Chronic inflammation causes olfactory stem cells to become quiescent and secrete immunomodulatory cytokines.

Olfactory sensory neurons (OSNs) are naturally short-lived but also highly susceptible to damage because they are directly exposed to environmental insults. OSNs are replaced throughout adult life by stem cells in the olfactory epithelium, with different stem cell populations contributing to homeostatic and damage-induced replenishment. Chronic inflammation and aging impair this regenerative capacity.

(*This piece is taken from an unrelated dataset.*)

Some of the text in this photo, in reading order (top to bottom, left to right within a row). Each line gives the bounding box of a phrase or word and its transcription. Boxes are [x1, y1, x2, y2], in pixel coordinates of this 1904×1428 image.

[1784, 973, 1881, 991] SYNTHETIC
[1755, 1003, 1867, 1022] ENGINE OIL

Chen et al. investigated the mechanisms underlying OSN loss in a mouse genetic model of inducible olfactory inflammation that recapitulated the progression of inflammation and OSN loss observed in patients with chronic rhinosinusitis. Inflammation initially stimulated horizontal basal stem cells (HBCs) to proliferate and give rise to new OSNs, but chronic inflammation inhibited OSN generation. Upon removal of the inflammation inducer, HBCs resumed differentiating into OSNs, indicating that they had not lost their regenerative capacity. Prolonged activation of inflammatory nuclear factor κB (NF-κB) signaling in HBCs in vivo stimulated the expression of genes encoding transcription factors that inhibit OSN differentiation and promoted the expression of genes associated with stemness. Prolonged NF-κB signaling also caused HBCs to produce cytokines that recruited and stimulated the proliferation of T cells and macrophages. Similar increases in immune cell infiltration and decreases in HBC proliferation and OSN differentiation were also observed in olfactory tissues from chronic rhinosinusitis patients. Thus, chronic inflammation stimulates HBCs to produce cytokines that recruit immune cells at the expense of neurogenesis. Because immune cell infiltration has also been implicated in the loss of neurogenic capacity in the adult brain (see commentary by Rustenhoven and Kipnis), these findings may also be relevant to inflammatory processes that contribute to impaired neurogenesis in the brain during aging and in disease.